HOW TO COMPLETE THIS TASK: Give a verbatim quotation of every record.

DATA IN THIS EXERCISE:
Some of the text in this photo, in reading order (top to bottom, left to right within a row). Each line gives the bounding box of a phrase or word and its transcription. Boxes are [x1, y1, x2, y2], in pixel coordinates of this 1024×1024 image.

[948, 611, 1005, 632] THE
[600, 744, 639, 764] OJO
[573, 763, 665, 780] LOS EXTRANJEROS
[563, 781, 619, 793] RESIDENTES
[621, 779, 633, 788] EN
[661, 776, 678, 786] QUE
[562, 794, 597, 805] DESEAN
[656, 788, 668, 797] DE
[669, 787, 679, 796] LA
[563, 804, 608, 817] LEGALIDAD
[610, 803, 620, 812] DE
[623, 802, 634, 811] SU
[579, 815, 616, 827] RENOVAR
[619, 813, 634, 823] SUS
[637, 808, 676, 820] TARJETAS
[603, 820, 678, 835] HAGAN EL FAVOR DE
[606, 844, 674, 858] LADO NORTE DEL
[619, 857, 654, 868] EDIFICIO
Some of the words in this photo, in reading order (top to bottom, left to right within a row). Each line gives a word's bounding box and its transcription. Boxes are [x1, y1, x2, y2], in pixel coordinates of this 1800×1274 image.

EXERCISE RESULT:
Some of the text in this photo, in reading order (top to bottom, left to right within a row). Each line gives the bounding box of a phrase or word and its transcription. Boxes are [x1, y1, x2, y2], in pixel coordinates of this 1024×1024 image.

[948, 611, 1005, 632] THE
[600, 744, 639, 764] OJO
[573, 763, 665, 780] LOS EXTRANJEROS
[563, 781, 619, 793] RESIDENTES
[621, 779, 633, 788] EN
[661, 776, 678, 786] QUE
[562, 794, 597, 805] DESEAN
[656, 788, 668, 797] DE
[669, 787, 679, 796] LA
[563, 804, 608, 817] LEGALIDAD
[610, 803, 620, 812] DE
[623, 802, 634, 811] SU
[579, 815, 616, 827] RENOVAR
[619, 813, 634, 823] SUS
[637, 808, 676, 820] TARJETAS
[603, 820, 678, 835] HAGAN EL FAVOR DE
[606, 844, 674, 858] LADO NORTE DEL
[619, 857, 654, 868] EDIFICIO
Some of the words in this photo, in reading order (top to bottom, left to right within a row). Each line gives a word's bounding box and its transcription. Boxes are [x1, y1, x2, y2], in pixel coordinates of this 1800×1274 image.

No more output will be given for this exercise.